Barclay, Respondent, v. Globe Mutual Insurance Company, Appellant.
    1. In a suit against a corporation, a stockholder thereof is a competent witness in behalf of the corporation; he is not a person for whose immediate benefit the suit is defended, although, in ease of a deficiency of corporate property, his individual property would be liable to be taken on execution to double the amount of his stock.
    2. Quere, would he be a competent witness if the corporation should be shown to be insolvent 1
    
    
      Appeal from St. Louis Court of Common Pleas.
    
    This suit against the Globe Mutual Insurance Company was commenced March 27, 1855, The defendant, at the trial, called as a witness W. W. Greene, president of the Globe Mutual Insurance Company, the defendant, who, being examined on his voir dire, stated that he was a stockholder in said company. The court ruled that he was incompetent. It is deemed unnecessary to set forth the facts bearing upon the other questions discussed.
    
      Hudson & Thomas and Biddlecome, for appellant.
    I. Greene, although a stockholder, was a competent witness. He was not a person for whose immediate benefit the suit was defended. (York & Cumberland R. R. Co. y. Pratt, 40 Maine, 458 ; 1 Greenl. By. § 416 ; Washington Bank y. Palmer, 2 Sand., S. C. 686 ; N. York & Erie R. R. y. Cook, id. 732 ; Montgomery Bank y. Marsh, 3 Seld. 481.)
    
      S. T. & A. D. Glover, for respondent.
    I. Mr. Greene was an incompetent witness. The suit was defended for his immediate benefit. If no corporate property could be found, then his private property was liable to the execution. (R. C. 1845, p. 233, § 13; Bank of Ithica v. Bean, 2 Code Reporter, 133.) When the judgment in a cause binds the party so that an execution may issue against him without further judicial action, it would seem to fix an immediate benefit or interest in him to defeat the suit. If not, it would be difficult to conceive in what manner such benefit could arise. No owner of a steamboat has been allowed since the new practice act to testify on behalf of the boat; yet the steamboat is a person by our law and may be sued as such. (19 Mo. 73.)
   Scott, Judge,

delivered the opinion of the court.

This judgment will be reversed for the reason that the evidence of the president of the company, who was a stockholder, was excluded. A stockholder of a corporation, which is a defendant in an action, is not a person for whose immediate use such action is defended. Although the property of the witness was liable to an execution in the event of a want of corporate means to satisfy the judgment that might be recovered, yet, as the want of those means was not shown, the relation of the stockholder to the corporation was not variant from that of a stockholder in any corporation which was not subject to an execution, so far as this question is concerned. We express no opinion on the question of the competency of the witness had the insolvency of the company been proved.
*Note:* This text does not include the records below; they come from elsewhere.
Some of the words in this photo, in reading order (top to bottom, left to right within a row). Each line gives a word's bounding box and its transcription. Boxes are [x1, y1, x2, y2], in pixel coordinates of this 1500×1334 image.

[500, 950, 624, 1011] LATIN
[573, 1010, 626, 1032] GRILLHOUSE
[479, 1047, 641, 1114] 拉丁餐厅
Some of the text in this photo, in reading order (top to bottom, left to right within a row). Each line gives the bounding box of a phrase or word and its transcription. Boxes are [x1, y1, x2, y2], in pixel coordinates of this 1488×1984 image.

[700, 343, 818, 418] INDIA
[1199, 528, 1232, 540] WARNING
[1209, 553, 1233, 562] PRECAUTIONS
Under our statute, it has been held that a partner not a party to an action was a competent witness for the partner who was sued. (Weston v. Hunt, 19 Mo. 505.) So also, that a distributee was a competent witness for the administrator in prosecuting or defending a suit for or against an estate. (Stein v. Weidman’s Adm’r, 20 Mo. 17.) Is the stockholder of a corporation more interested than a partner in trade or a distributee ? The precise point involved in this suit has been determined by the court of appeals in New York. It was there held that a stockholder of a corporation is not a person for whose immediate benefit the suit is prosecuted in an action in which such corporation is plaintiff and in which such stockholder is not individually named as a party. (Montgomery Co. Bank v. Marsh, 3 Seld. 485.) This case cited and approved several preceding decisions of the question in the same way. These were all under a statute from which ours was copied.
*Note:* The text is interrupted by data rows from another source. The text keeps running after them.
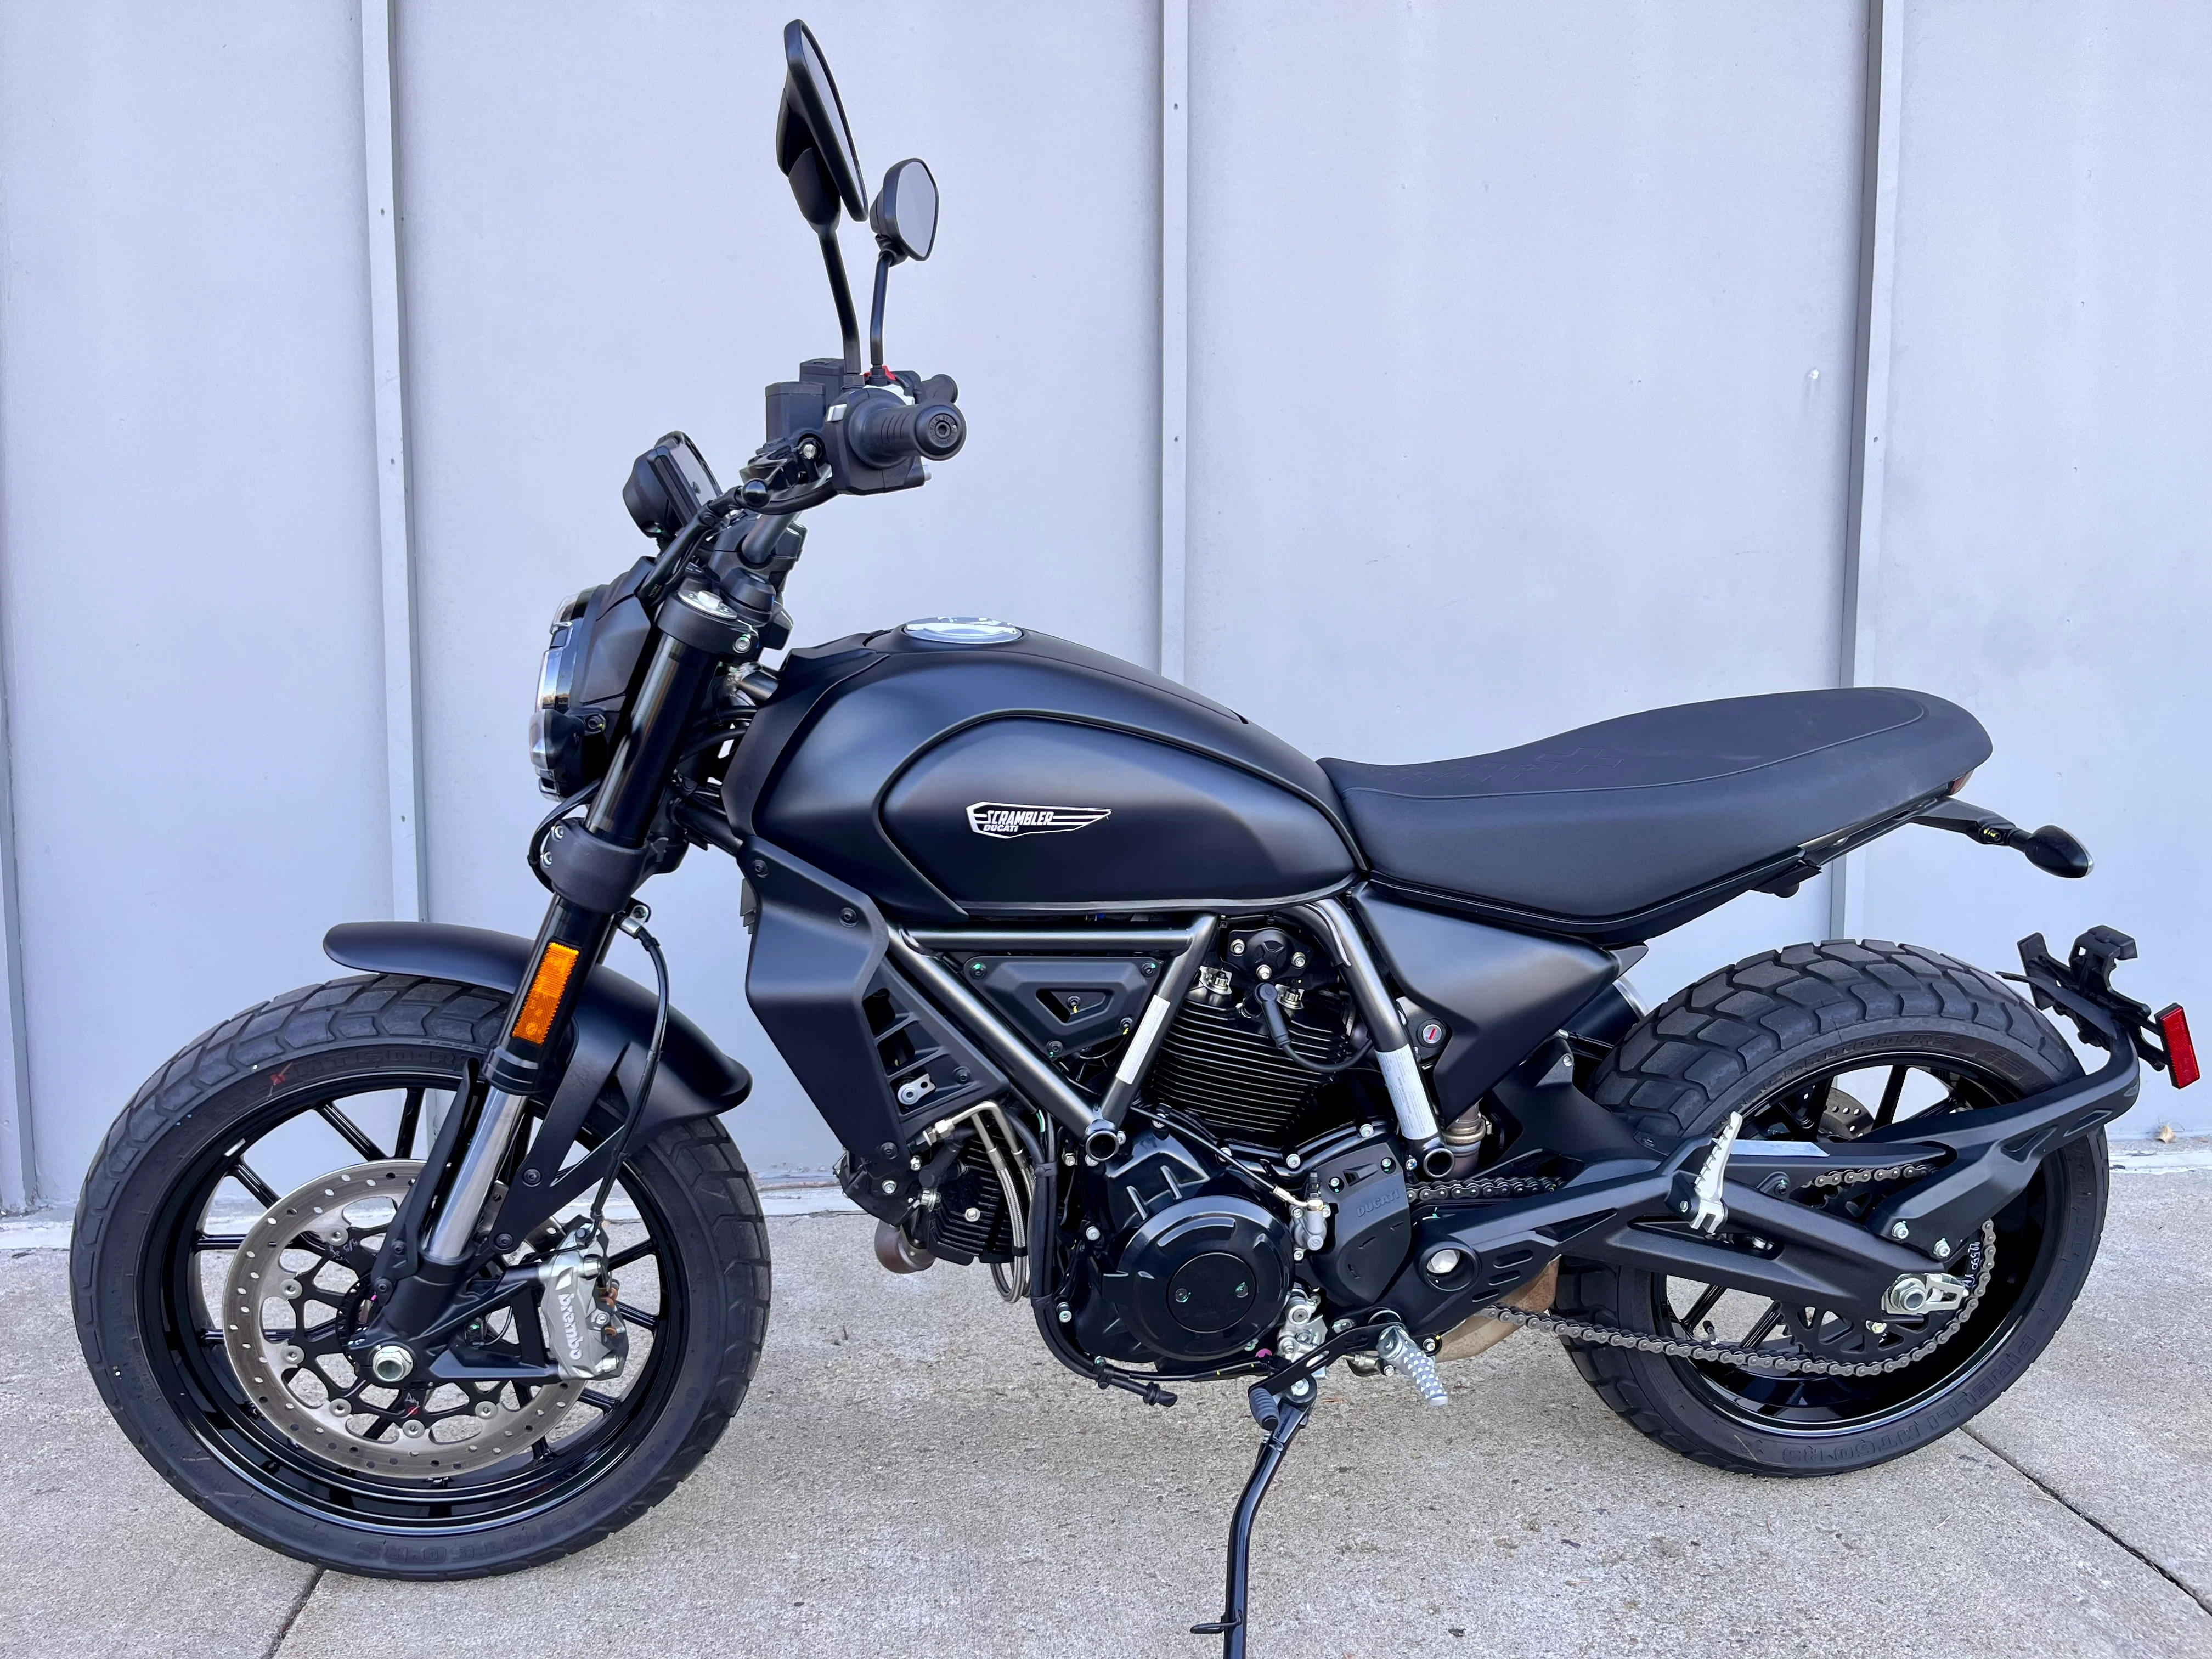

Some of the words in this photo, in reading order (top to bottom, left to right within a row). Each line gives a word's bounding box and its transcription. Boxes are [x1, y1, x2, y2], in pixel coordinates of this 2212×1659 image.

[983, 824, 1019, 832] DUCATI
[987, 810, 1054, 826] SCRAMBLER
[1357, 1189, 1401, 1217] DUCATI
[558, 1293, 584, 1361] brembo
[1927, 1334, 2037, 1430] PIRELLI
[1833, 1423, 1921, 1460] MT60
Wo suppose that the defendant could not prove any fraud in the transaction unless it was set up as a defence to the action. But as the case will be remanded it may be as well to submit our present views in regard to that matter. If there was any written protest other than that recited in the agreement, it does not appear in the record. If there was none other, then the inquiry would be limited to the truth of the fact recited, because it would sufficiently appear that the parties compromised and settled upon the truth of that fact alone, disregarding all others as immaterial. Under the circumstances such a conclusion would not be unreasonable. But if there was a full protest made out stating all the circumstances of the loss, we are not now prepared to say that the word “ declaration” in the agreement would not refer to all the material facts set forth in the protest. The language of the agreement is not the said declaration in the protest, but the declaration in the said protest. In such case the portion of the declaration set out might have only been in tended for the identification of the instrument. But as the paper is not before us, if there is any such, we can give no authoritative interpretation of it.

Judge Napton concurring, the judgment will be reversed and the cause remanded; Judge Richardson not sitting.